# Exercise inputs
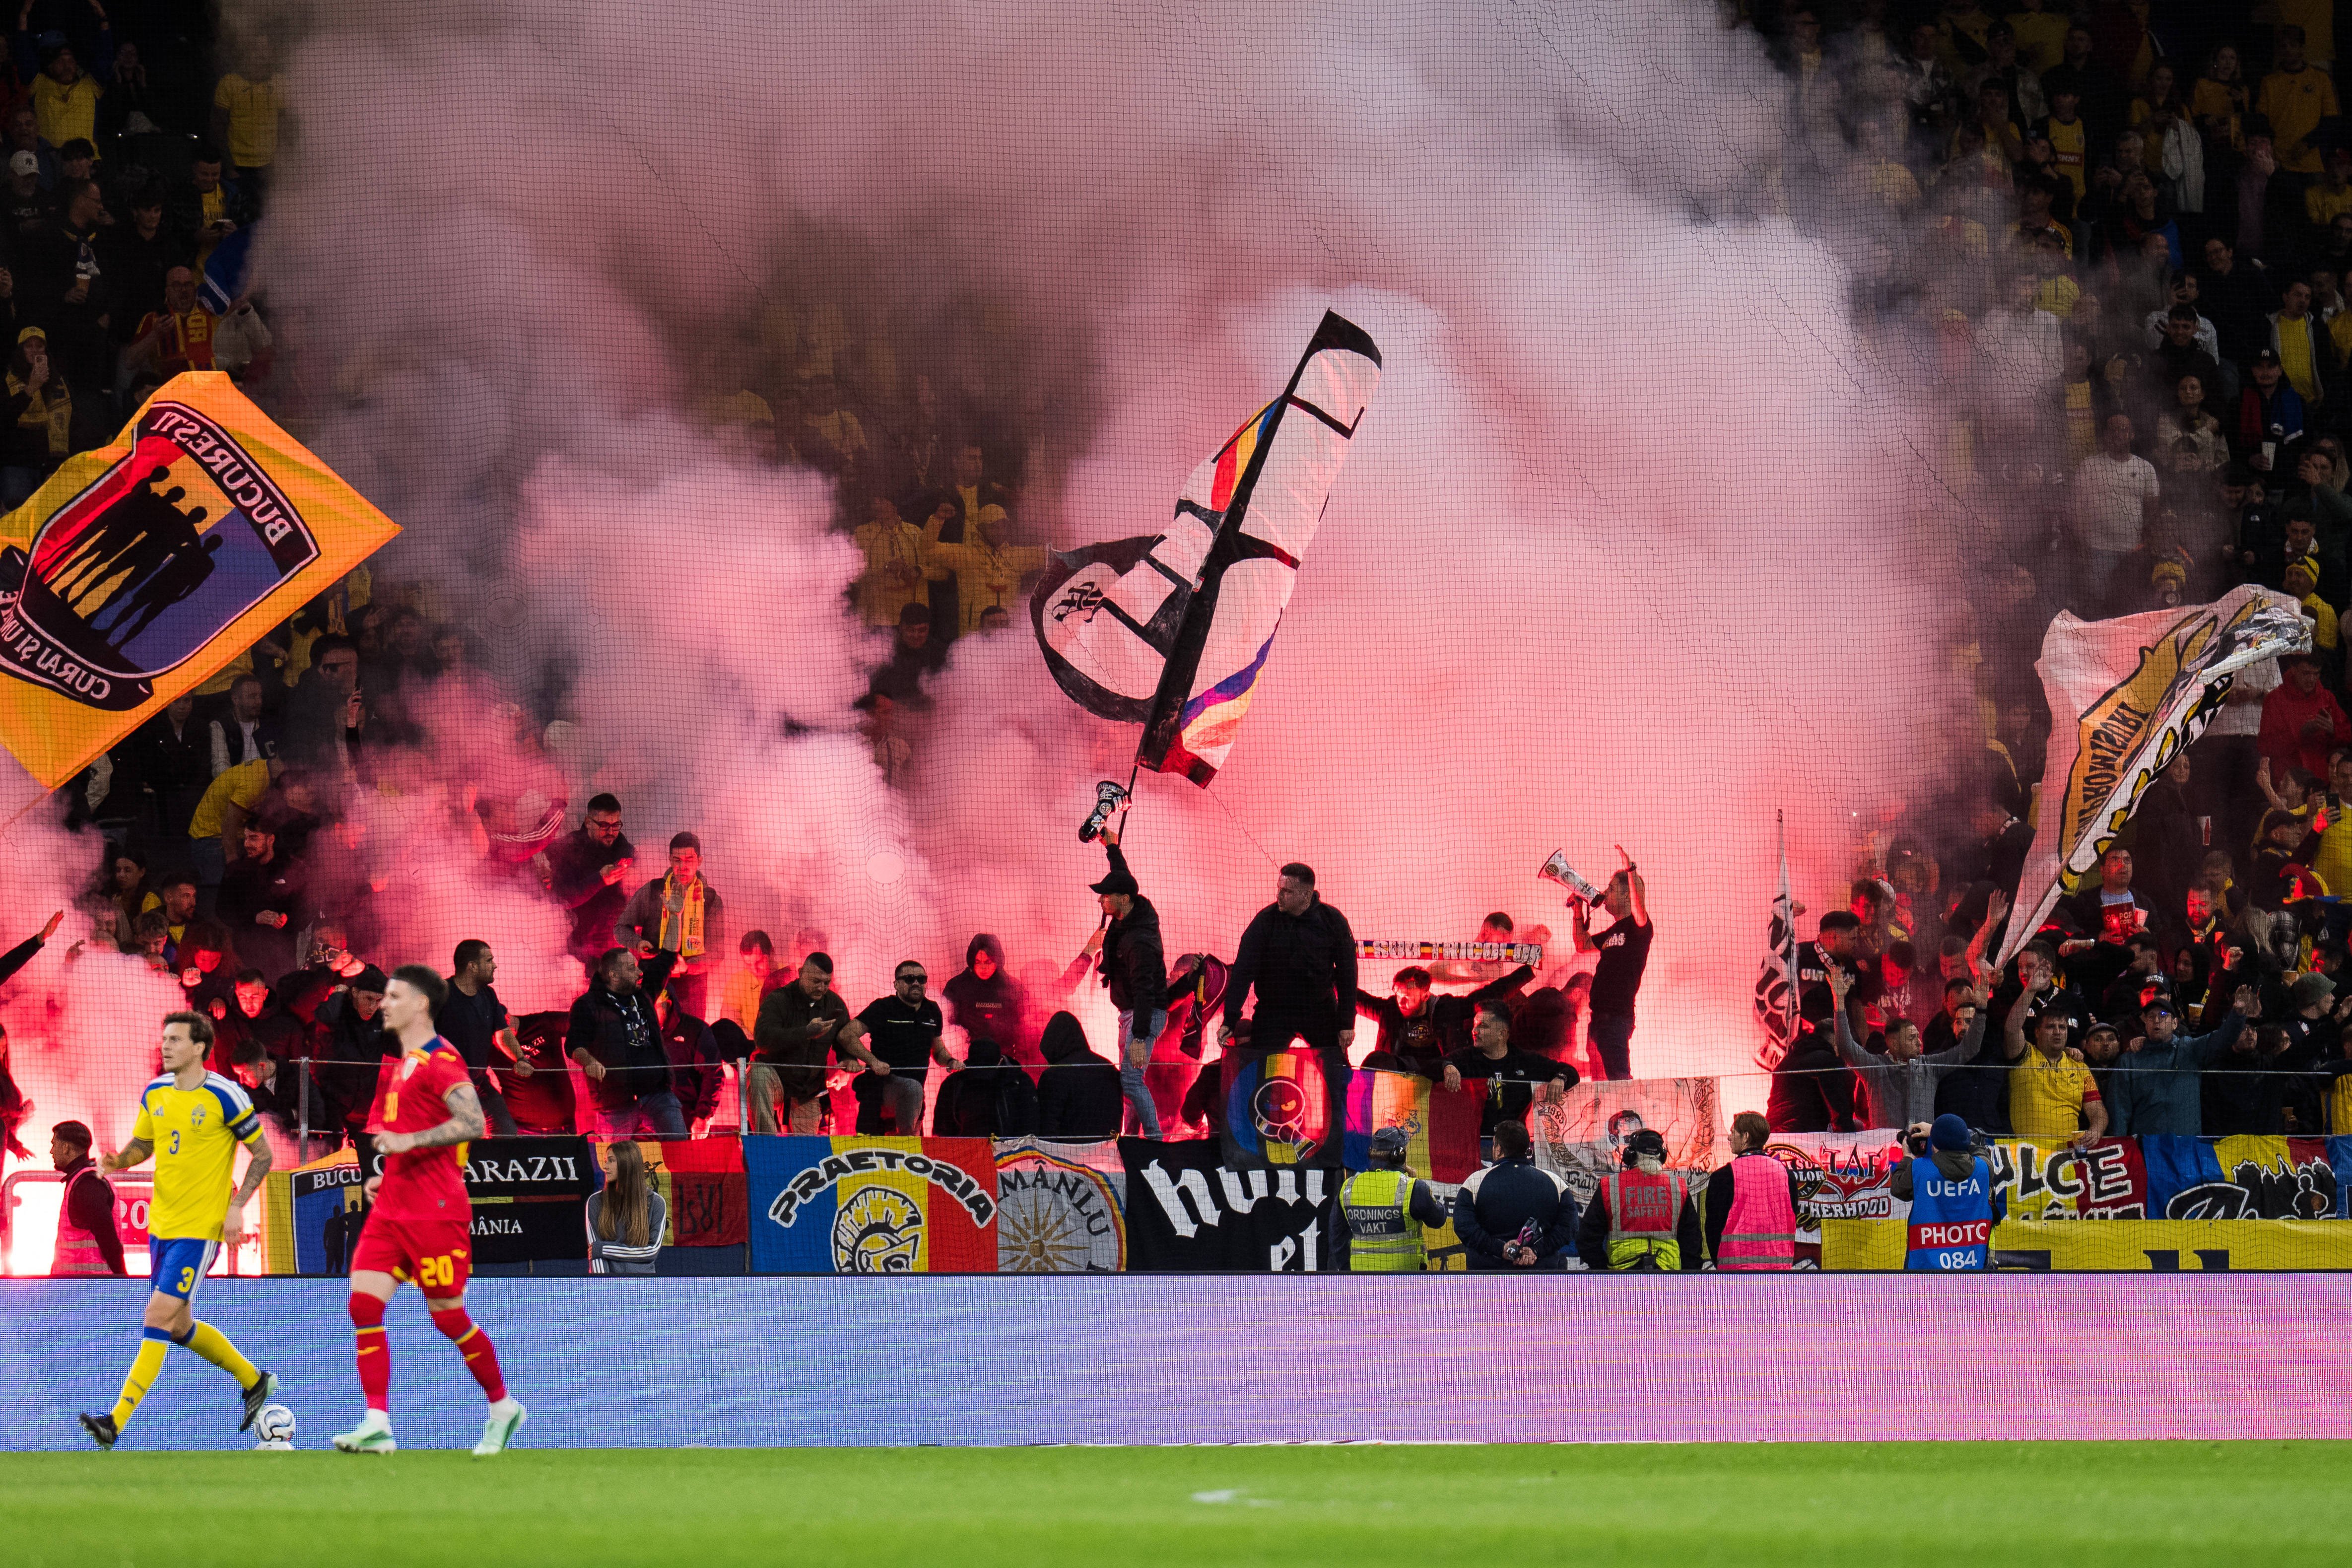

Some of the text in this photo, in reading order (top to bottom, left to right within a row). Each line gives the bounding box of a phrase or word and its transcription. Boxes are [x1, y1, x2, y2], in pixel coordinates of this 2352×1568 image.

[1372, 941, 1421, 959] SUB
[169, 1129, 181, 1155] 3
[769, 1150, 995, 1227] PRAETORIA
[1625, 1186, 1668, 1205] FIRE
[1927, 1178, 1981, 1197] UEFA
[998, 1159, 1111, 1236] MÂNLU
[1347, 1209, 1400, 1220] ORDNINGS
[1627, 1206, 1668, 1218] SAFETY
[1359, 1222, 1387, 1234] VAKT
[1939, 1250, 1977, 1269] 084
[176, 1266, 195, 1293] 3
[419, 1255, 454, 1288] 20
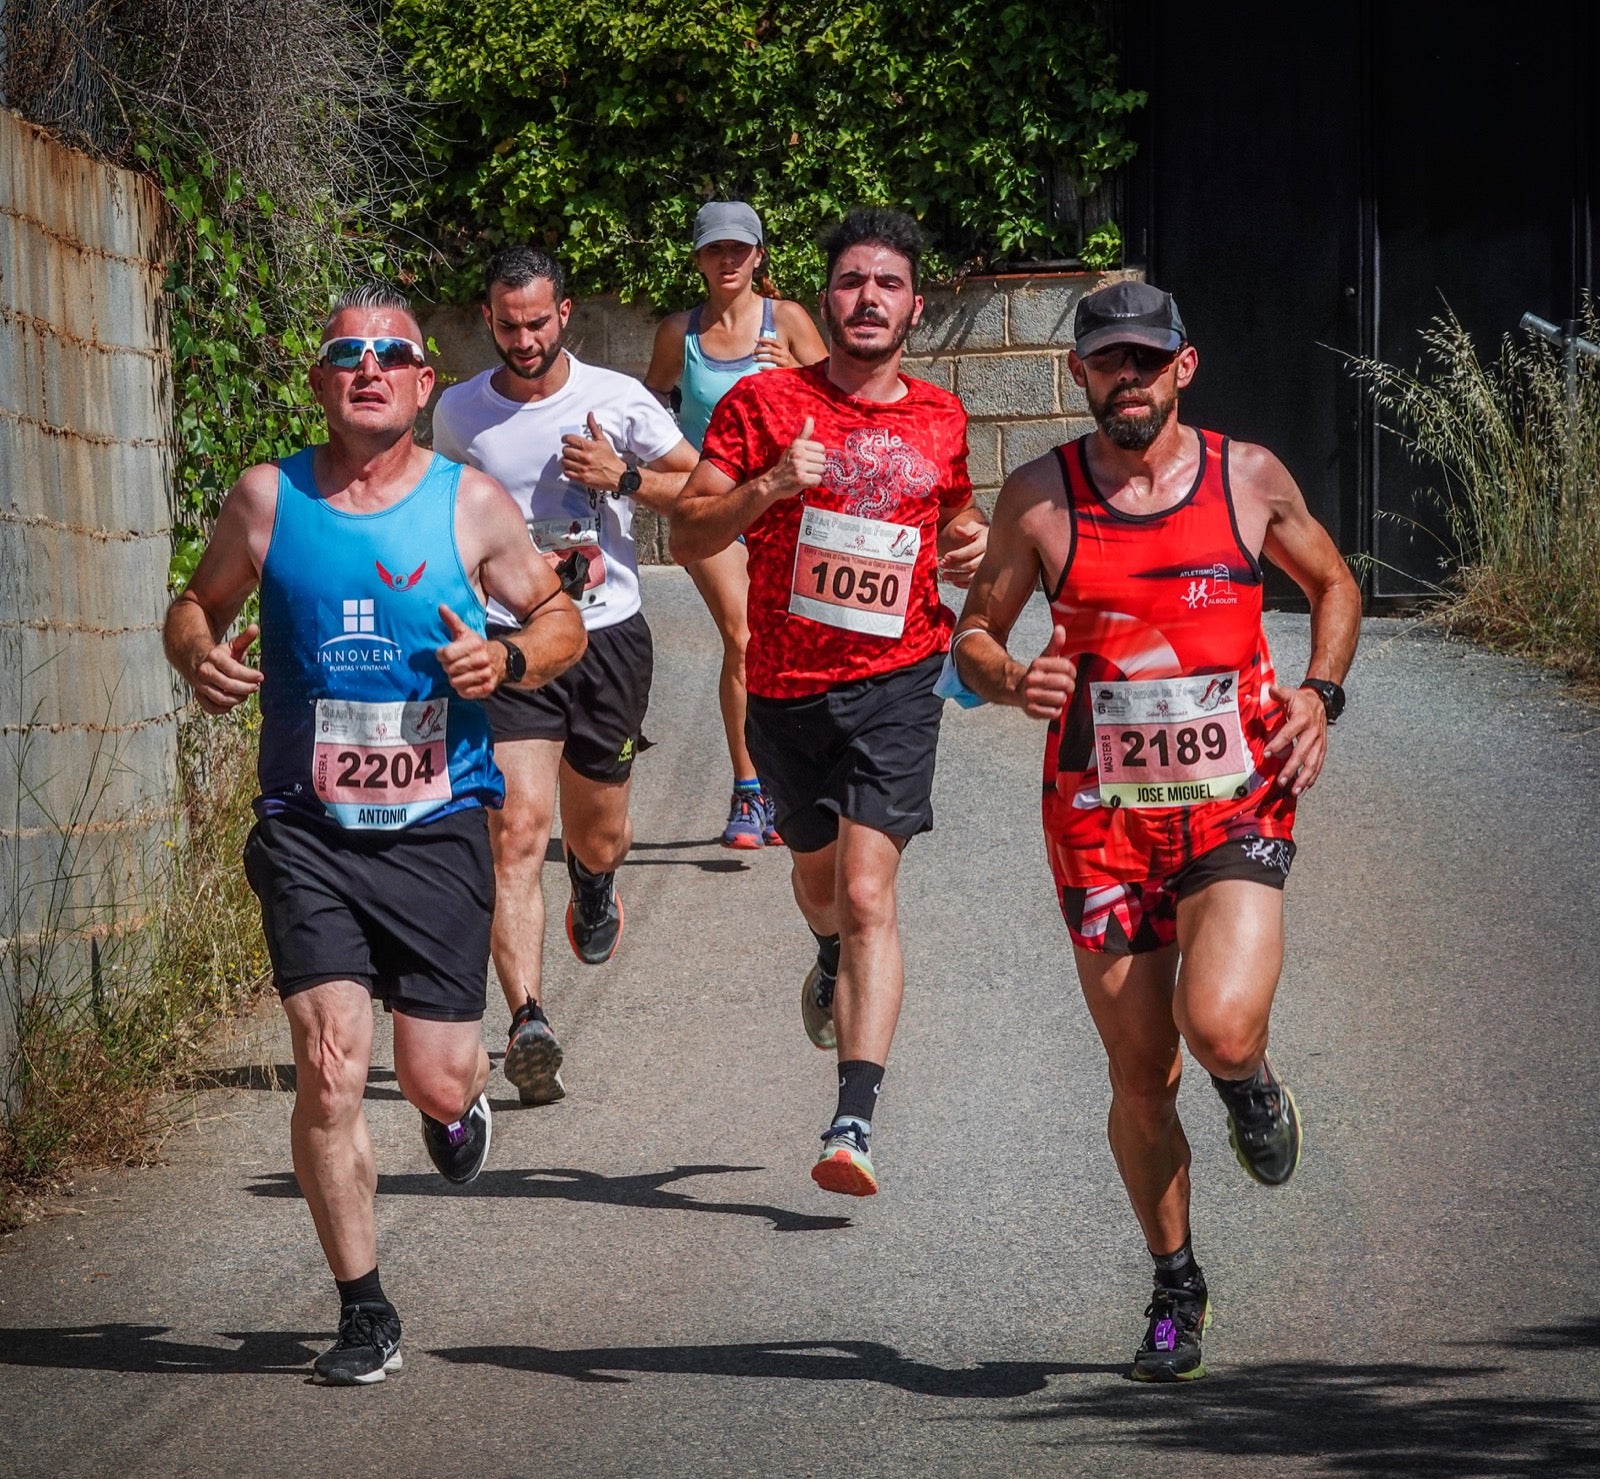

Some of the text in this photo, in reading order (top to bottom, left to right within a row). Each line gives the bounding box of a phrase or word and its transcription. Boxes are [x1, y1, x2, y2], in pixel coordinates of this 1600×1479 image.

[861, 429, 902, 448] vale
[1180, 568, 1214, 577] ATLETISMO
[812, 561, 899, 607] 1050
[317, 649, 402, 664] INNOVENT
[329, 664, 355, 672] PUERTAS
[1120, 722, 1227, 767] 2189
[1102, 742, 1114, 773] MASTER
[335, 748, 435, 789] 2204
[1136, 784, 1214, 803] JOSE MIGUEL
[358, 808, 407, 825] ANTONIO

# Exercise
The material must be restated verbatim. Its pictures must be omitted.

# Solution
Some of the text in this photo, in reading order (top to bottom, left to right within a row). Each line gives the bounding box of a phrase or word and its transcription. Boxes are [x1, y1, x2, y2], in pixel coordinates of this 2352×1568 image.

[1372, 941, 1421, 959] SUB
[169, 1129, 181, 1155] 3
[769, 1150, 995, 1227] PRAETORIA
[1625, 1186, 1668, 1205] FIRE
[1927, 1178, 1981, 1197] UEFA
[998, 1159, 1111, 1236] MÂNLU
[1347, 1209, 1400, 1220] ORDNINGS
[1627, 1206, 1668, 1218] SAFETY
[1359, 1222, 1387, 1234] VAKT
[1939, 1250, 1977, 1269] 084
[176, 1266, 195, 1293] 3
[419, 1255, 454, 1288] 20

Some of the text in this photo, in reading order (top to bottom, left to right within a row). Each line gives the bounding box of a phrase or word and its transcription. Boxes are [x1, y1, x2, y2], in pixel coordinates of this 1600×1479 image.

[861, 429, 902, 448] vale
[1180, 568, 1214, 577] ATLETISMO
[812, 561, 899, 607] 1050
[317, 649, 402, 664] INNOVENT
[329, 664, 355, 672] PUERTAS
[1120, 722, 1227, 767] 2189
[1102, 742, 1114, 773] MASTER
[335, 748, 435, 789] 2204
[1136, 784, 1214, 803] JOSE MIGUEL
[358, 808, 407, 825] ANTONIO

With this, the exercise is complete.